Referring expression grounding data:
^^^^^^^^^^^^^^^^

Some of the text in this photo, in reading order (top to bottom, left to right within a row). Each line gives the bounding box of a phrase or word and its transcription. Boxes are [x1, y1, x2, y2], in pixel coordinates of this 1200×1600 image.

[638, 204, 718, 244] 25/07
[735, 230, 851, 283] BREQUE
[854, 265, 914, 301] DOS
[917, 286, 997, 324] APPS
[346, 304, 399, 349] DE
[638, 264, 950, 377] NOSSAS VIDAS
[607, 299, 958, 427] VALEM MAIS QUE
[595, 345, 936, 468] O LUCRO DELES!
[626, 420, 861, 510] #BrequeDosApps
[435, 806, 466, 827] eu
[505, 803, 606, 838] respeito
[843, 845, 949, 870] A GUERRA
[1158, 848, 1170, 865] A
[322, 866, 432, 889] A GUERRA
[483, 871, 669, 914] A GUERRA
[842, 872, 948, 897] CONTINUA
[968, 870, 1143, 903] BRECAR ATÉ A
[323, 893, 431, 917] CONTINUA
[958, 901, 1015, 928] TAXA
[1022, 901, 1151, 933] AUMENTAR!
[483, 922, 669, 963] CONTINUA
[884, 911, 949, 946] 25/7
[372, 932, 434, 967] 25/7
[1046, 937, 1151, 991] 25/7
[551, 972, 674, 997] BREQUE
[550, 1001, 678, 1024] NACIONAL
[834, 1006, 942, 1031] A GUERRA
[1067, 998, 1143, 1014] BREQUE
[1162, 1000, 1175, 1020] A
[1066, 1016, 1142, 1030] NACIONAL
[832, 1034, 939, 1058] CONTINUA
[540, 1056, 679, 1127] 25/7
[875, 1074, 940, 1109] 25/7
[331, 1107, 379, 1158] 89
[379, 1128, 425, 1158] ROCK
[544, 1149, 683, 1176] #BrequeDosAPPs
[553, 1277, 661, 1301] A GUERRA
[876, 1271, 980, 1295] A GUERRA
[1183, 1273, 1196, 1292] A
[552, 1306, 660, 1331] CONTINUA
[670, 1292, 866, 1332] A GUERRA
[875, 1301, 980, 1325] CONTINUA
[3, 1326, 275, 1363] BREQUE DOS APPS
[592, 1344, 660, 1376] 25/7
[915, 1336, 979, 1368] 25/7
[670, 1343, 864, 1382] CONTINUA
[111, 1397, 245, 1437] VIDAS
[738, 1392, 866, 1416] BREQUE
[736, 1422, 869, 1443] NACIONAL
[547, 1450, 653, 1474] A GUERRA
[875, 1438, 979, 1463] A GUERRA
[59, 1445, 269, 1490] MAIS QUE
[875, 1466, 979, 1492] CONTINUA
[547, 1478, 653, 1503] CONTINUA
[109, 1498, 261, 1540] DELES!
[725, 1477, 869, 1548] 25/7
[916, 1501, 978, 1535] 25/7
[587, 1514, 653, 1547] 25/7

^^^^^^^^^^^^^^^^

## Problem requirements
The records above are to be returned exactly as they appear.

## Exercise output
Some of the text in this photo, in reading order (top to bottom, left to right within a row). Each line gives the bounding box of a phrase or word and its transcription. Boxes are [x1, y1, x2, y2], in pixel coordinates of this 1200×1600 image.

[638, 204, 718, 244] 25/07
[735, 230, 851, 283] BREQUE
[854, 265, 914, 301] DOS
[917, 286, 997, 324] APPS
[346, 304, 399, 349] DE
[638, 264, 950, 377] NOSSAS VIDAS
[607, 299, 958, 427] VALEM MAIS QUE
[595, 345, 936, 468] O LUCRO DELES!
[626, 420, 861, 510] #BrequeDosApps
[435, 806, 466, 827] eu
[505, 803, 606, 838] respeito
[843, 845, 949, 870] A GUERRA
[1158, 848, 1170, 865] A
[322, 866, 432, 889] A GUERRA
[483, 871, 669, 914] A GUERRA
[842, 872, 948, 897] CONTINUA
[968, 870, 1143, 903] BRECAR ATÉ A
[323, 893, 431, 917] CONTINUA
[958, 901, 1015, 928] TAXA
[1022, 901, 1151, 933] AUMENTAR!
[483, 922, 669, 963] CONTINUA
[884, 911, 949, 946] 25/7
[372, 932, 434, 967] 25/7
[1046, 937, 1151, 991] 25/7
[551, 972, 674, 997] BREQUE
[550, 1001, 678, 1024] NACIONAL
[834, 1006, 942, 1031] A GUERRA
[1067, 998, 1143, 1014] BREQUE
[1162, 1000, 1175, 1020] A
[1066, 1016, 1142, 1030] NACIONAL
[832, 1034, 939, 1058] CONTINUA
[540, 1056, 679, 1127] 25/7
[875, 1074, 940, 1109] 25/7
[331, 1107, 379, 1158] 89
[379, 1128, 425, 1158] ROCK
[544, 1149, 683, 1176] #BrequeDosAPPs
[553, 1277, 661, 1301] A GUERRA
[876, 1271, 980, 1295] A GUERRA
[1183, 1273, 1196, 1292] A
[552, 1306, 660, 1331] CONTINUA
[670, 1292, 866, 1332] A GUERRA
[875, 1301, 980, 1325] CONTINUA
[3, 1326, 275, 1363] BREQUE DOS APPS
[592, 1344, 660, 1376] 25/7
[915, 1336, 979, 1368] 25/7
[670, 1343, 864, 1382] CONTINUA
[111, 1397, 245, 1437] VIDAS
[738, 1392, 866, 1416] BREQUE
[736, 1422, 869, 1443] NACIONAL
[547, 1450, 653, 1474] A GUERRA
[875, 1438, 979, 1463] A GUERRA
[59, 1445, 269, 1490] MAIS QUE
[875, 1466, 979, 1492] CONTINUA
[547, 1478, 653, 1503] CONTINUA
[109, 1498, 261, 1540] DELES!
[725, 1477, 869, 1548] 25/7
[916, 1501, 978, 1535] 25/7
[587, 1514, 653, 1547] 25/7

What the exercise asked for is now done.